A travers l’étude du soutien aux équipes nationales, plusieurs questions de sociologie politique peuvent être abordées. En quoi le football participe-t-il d’une logique de politisation, comme « étape intermédiaire entre la socialisation individuelle et la production de préférences spécifiquement politiques »21 ? Quels en sont les acteurs et comment interagissent-ils ? Comment donnent-ils sens à leur engagement ? Les supporters des équipes nationales sont-ils des supporters par intermittence ? Comment résolvent-ils d’éventuels conflits de loyauté entre plusieurs appartenances identitaires (le club et l’équipe nationale) ? Le fait de soutenir une équipe nationale de football contribue-t-il forcément à renforcer cette « communauté imaginée » qu’est la nation ? La ferveur des supporters est-elle soluble dans la défaite ou bien est-elle inconditionnelle, dépassant le cadre des performances sportives ? In fine, la consolidation du sentiment d’appartenance à la communauté nationale a-t-elle à voir avec les performances sportives de l’équipe nationale ?

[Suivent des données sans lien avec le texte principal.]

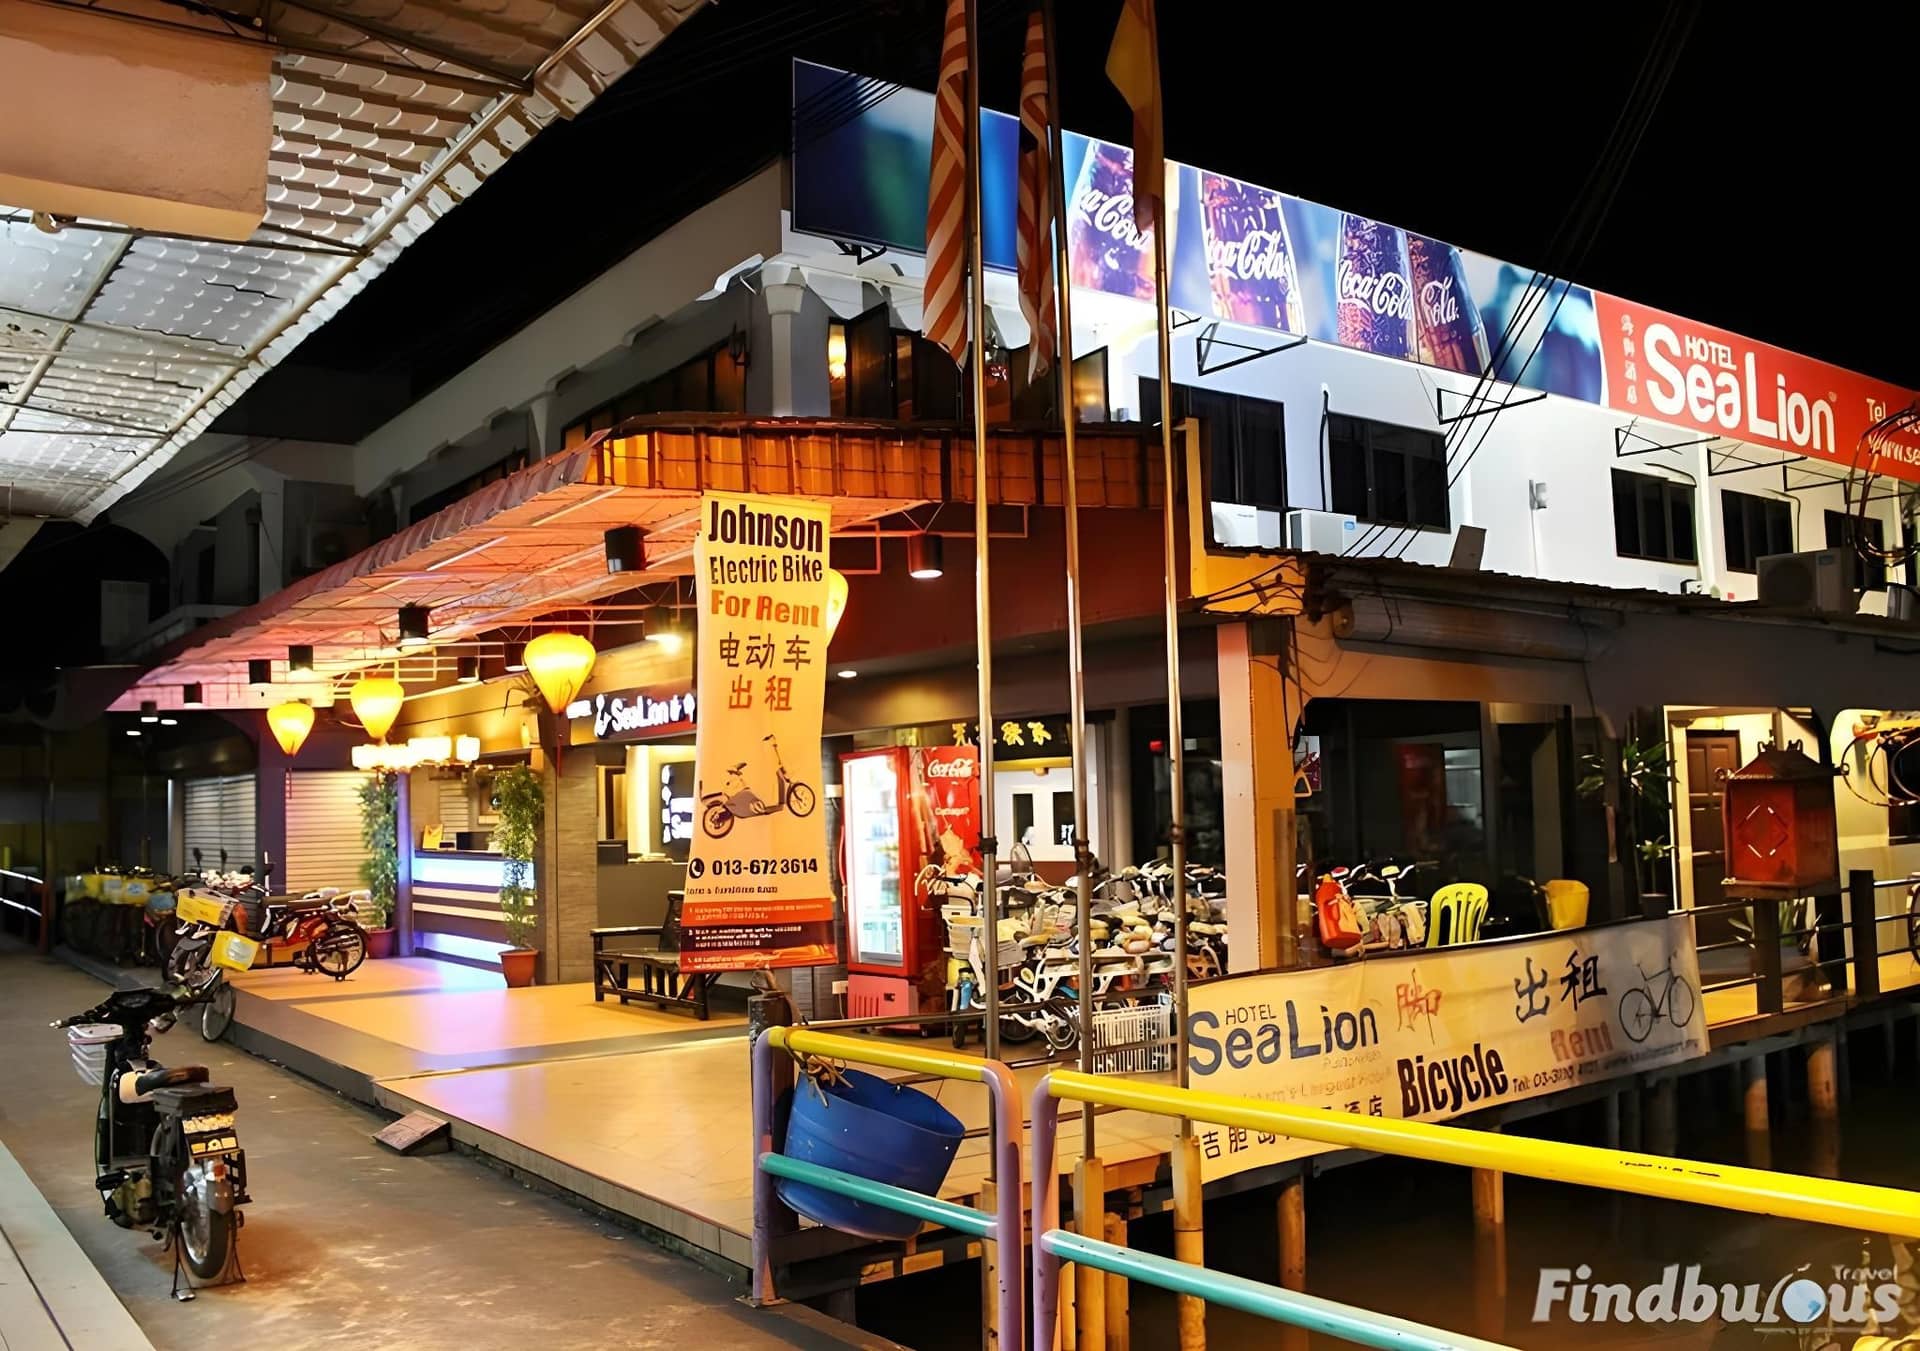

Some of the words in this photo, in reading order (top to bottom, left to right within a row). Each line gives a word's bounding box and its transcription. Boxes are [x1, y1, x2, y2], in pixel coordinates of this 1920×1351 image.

[1684, 334, 1737, 371] HOTEL
[708, 500, 823, 553] Johnson
[709, 554, 778, 585] Electric
[782, 554, 823, 583] Bike
[711, 589, 752, 618] For
[755, 595, 820, 627] Rent
[719, 631, 811, 671] 电动车
[728, 674, 793, 711] 出租
[712, 857, 777, 876] 013-672
[780, 857, 818, 875] 3614
[1225, 1003, 1278, 1025] HOTEL
[1397, 1042, 1509, 1119] Bicycle

Au niveau de la démarche de recherche, on peut étudier les rapports entre football et politique de deux manières : a) en observant comment le politique entre dans le football (la construction du football comme objet politique) ; b) en observant comment le football entre dans la sphère politique (l’influence du football dans l’espace politique)22. Le présent ouvrage porte principalement sur la première dimension, c’est-à-dire la construction du football comme objet politique et le rôle des supporters des équipes nationales dans ce processus. Il s’organise en trois parties.

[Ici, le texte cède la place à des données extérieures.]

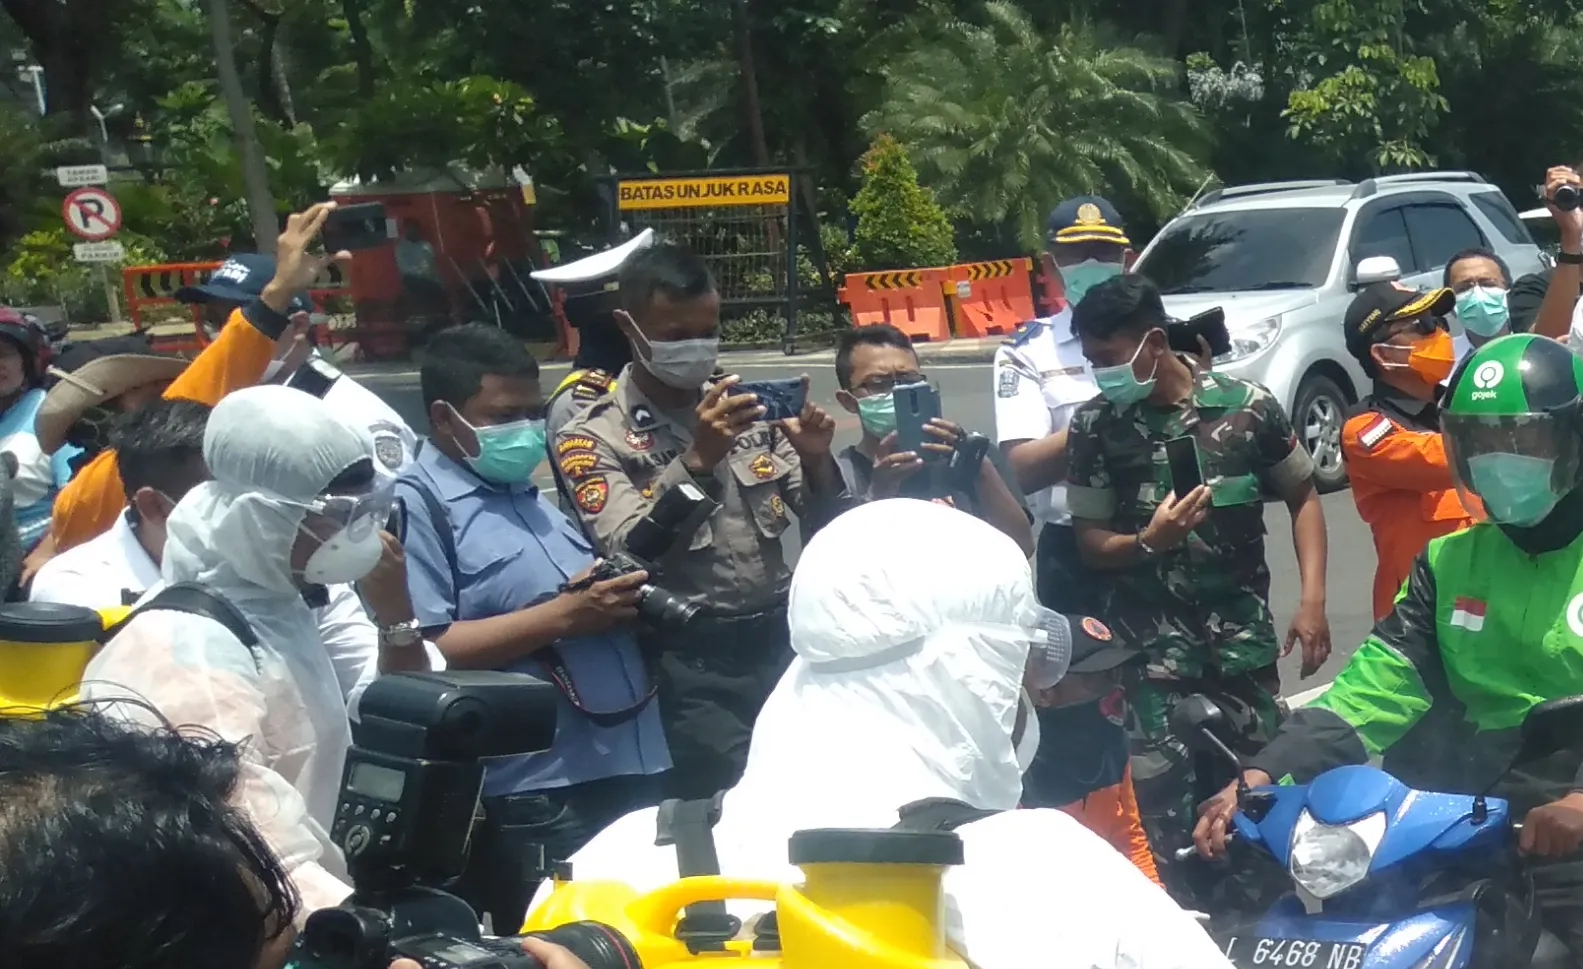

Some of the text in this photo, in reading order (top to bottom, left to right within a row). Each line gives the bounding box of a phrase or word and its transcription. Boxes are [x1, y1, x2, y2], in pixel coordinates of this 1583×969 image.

[620, 181, 787, 200] BATAS UNJUK RASA
[1472, 390, 1497, 401] gojek
[1225, 937, 1238, 963] L
[1252, 938, 1322, 967] 6468

La première partie porte sur les constructions historiques du supportérisme national (chapitres I à IV). Au moyen d’une comparaison de plusieurs pays, Guillaume Fleury, Lucas Gómez et Frédéric Louault mettent en évidence, dans le premier chapitre, la diversité des constructions historiques et des expressions contemporaines du supportérisme national en Amérique latine. Ils montrent que les conditions d’importation et d’institutionnalisation du football pèsent sur les modes d’engagement des populations envers les équipes nationales. Le deuxième chapitre détaille les modalités d’émergence du supportérisme national dans un pays (le Brésil), en retraçant le parcours de Jayme de Carvalho, supporter-symbole de l’équipe nationale brésilienne depuis les années 1950. Buarque Bernardo de Hollanda souligne les porosités entre le supportérisme de club et le supportérisme de l’équipe nationale : l’expérience de dirigeant d’un club des supporters local étant réinvestie au niveau national. Le troisième chapitre porte au contraire sur des tentatives manquées de ← 12 | 13 → structuration d’un groupe de supporters d’équipe nationale à partir d’éléments puisés dans des clubs locaux. A travers une étude de l’émergence difficile des « Ultras Italia », Sébastien Louis présente un projet atypique de supportérisme national. Il explique pourquoi cette initiative n’est pas parvenue à s’implanter durablement dans le paysage footballistique italien. Le quatrième chapitre analyse les effets des performances d’une équipe nationale sur les mutations du supportérisme. Pompiliu-Nicolae Constantin y présente le cas de la Roumanie, où une conjoncture sportive particulière (l’émergence d’une « génération dorée » qui réalise une performance historique à la Coupe du monde de 1994) transforme durablement le rapport à l’équipe nationale, les représentations du football et les exigences des supporters.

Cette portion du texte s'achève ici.